The academic inventors and innovators elected to the rank of NAI Fellow are named inventors on U.S. patents and were nominated by their peers for outstanding contributions to innovation in areas such as patents and licensing, innovative discovery and technology, significant impact on society, and support and enhancement of innovation.
The 2017 Fellows will be inducted on April 5, 2018, as part of the Seventh Annual Conference of the National Academy of Inventors at the Mayflower Hotel, Autograph Collection in Washington, D.C.
Bitzer co-invented the flat plasma display panel in 1964. The technology was eventually applied to television screens, and millions of plasma TVs have been sold to the public since they were introduced in the 1990s. His work on the plasma display monitor earned him an Emmy Award in 2002. He also invented and co-developed Programmed Logic for Automated Teaching Operations, or PLATO, the first computer system to combine graphics and touch-screen displays.
Ditto, an expert in nonlinear dynamics, artificial intelligence and chaotic systems, leads NC State’s Nonlinear Artificial Intelligence Laboratory that has generated recent discoveries in reconfigurable computing, chaotic computing and astrophysics. Ditto is recognized internationally for the development a new type of computer based upon nonlinear dynamics and chaos. His findings have been used to study new ways of controlling heart arrhythmias, seizures and epilepsy.

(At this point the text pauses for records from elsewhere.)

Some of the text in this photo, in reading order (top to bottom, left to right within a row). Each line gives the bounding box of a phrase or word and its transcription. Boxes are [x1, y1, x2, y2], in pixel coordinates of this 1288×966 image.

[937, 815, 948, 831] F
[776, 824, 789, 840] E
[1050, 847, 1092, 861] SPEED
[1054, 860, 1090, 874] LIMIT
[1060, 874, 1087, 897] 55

Bitzer and Ditto join seven other NC State faculty who have previously been named NAI fellows: David Aspnes, Distinguished University Professor of Physics; B. Jayant Baliga, Distinguished University Professor of Electrical Engineering; Ruben Carbonell, Frank Hawkins Kenan Distinguished Professor of Chemical Engineering; Jerome Cuomo, Distinguished Research Professor of Materials Science and Engineering; Frances S. Ligler, Lampe Distinguished Professor in the Joint NC State-UNC Department of Biomedical Engineering; Jay Narayan, John C.C. Fan Distinguished Chair Professor of Materials Science and Engineering, and Franky So, Walter and Ida Freeman Distinguished Professor of Materials Science and Engineering.

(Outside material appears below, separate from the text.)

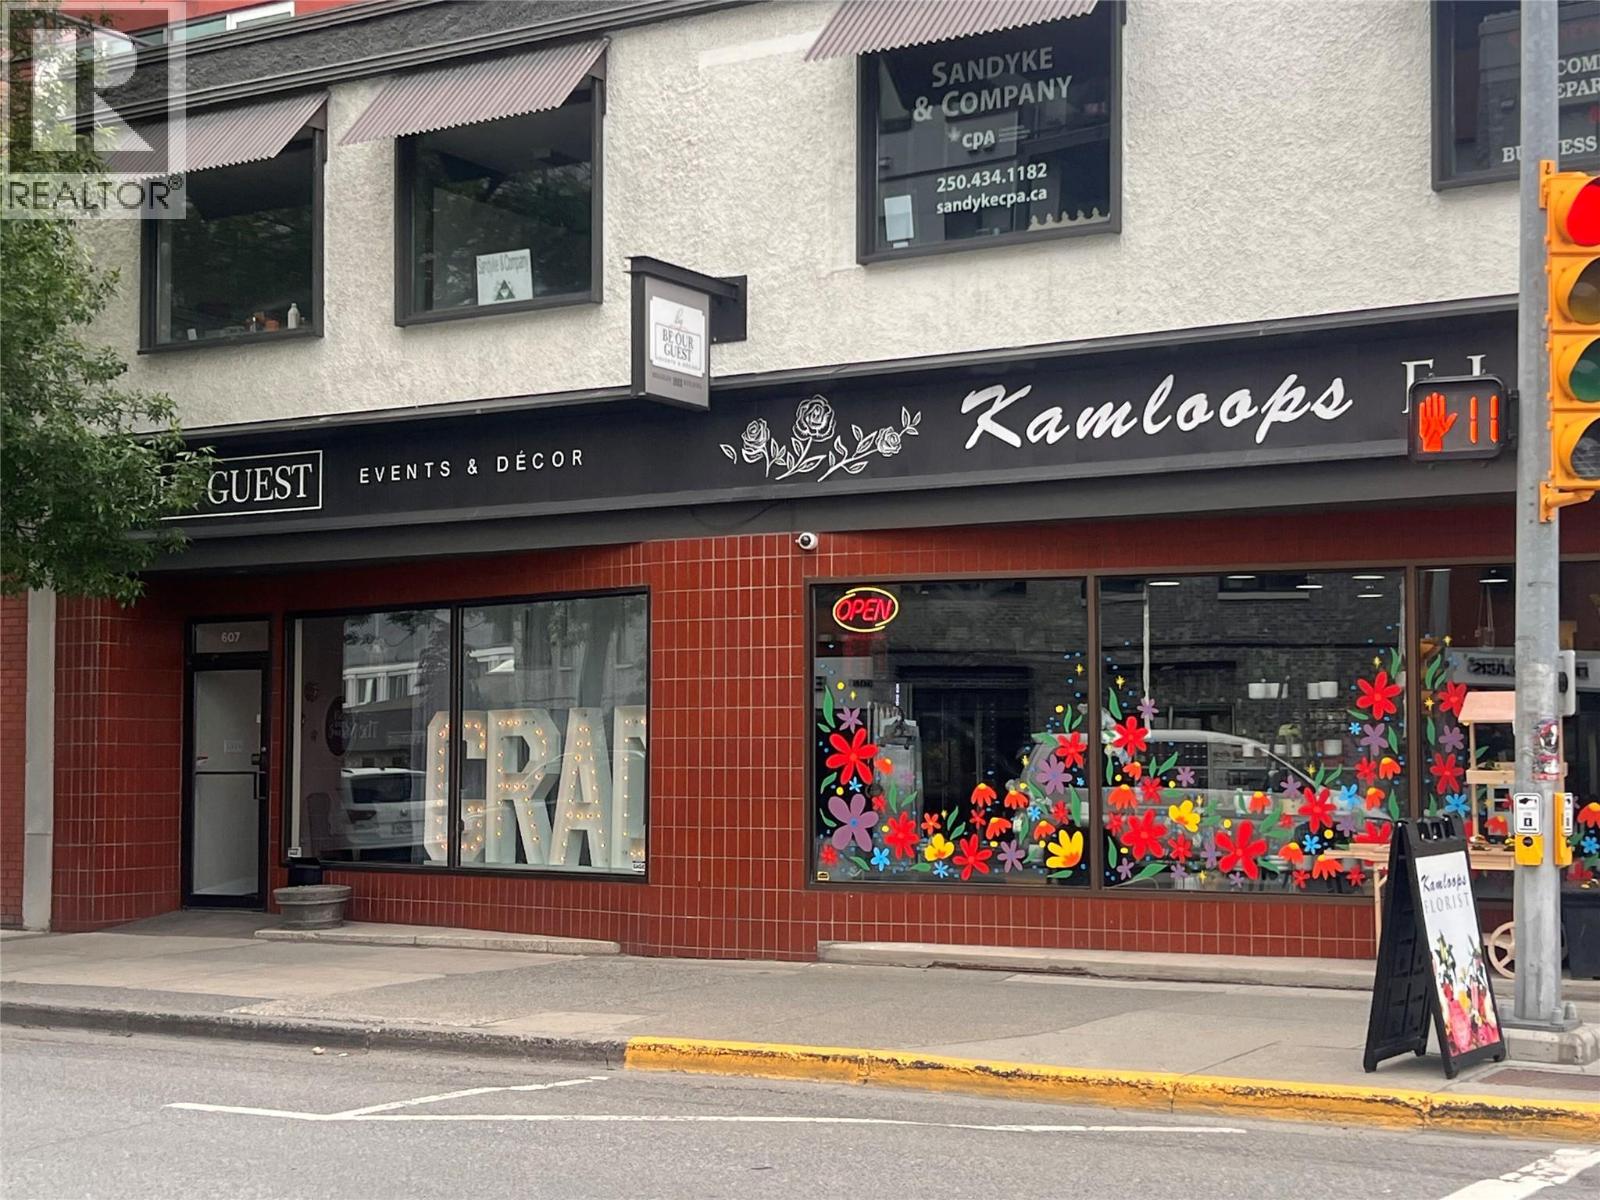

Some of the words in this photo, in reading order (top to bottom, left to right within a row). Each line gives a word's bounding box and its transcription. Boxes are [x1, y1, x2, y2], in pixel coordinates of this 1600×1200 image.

The NAI is a 501(c)(3) non-profit member organization comprising U.S. and international universities, and governmental and nonprofit research institutes, with over 3,000 individual inventor members and fellows spanning more than 240 institutions, and growing rapidly. It was founded in 2010 to recognize and encourage inventors with patents issued from the U.S. Patent and Trademark Office, enhance the visibility of academic technology and innovation, encourage the disclosure of intellectual property, educate and mentor innovative students, and translate the inventions of its members to benefit society.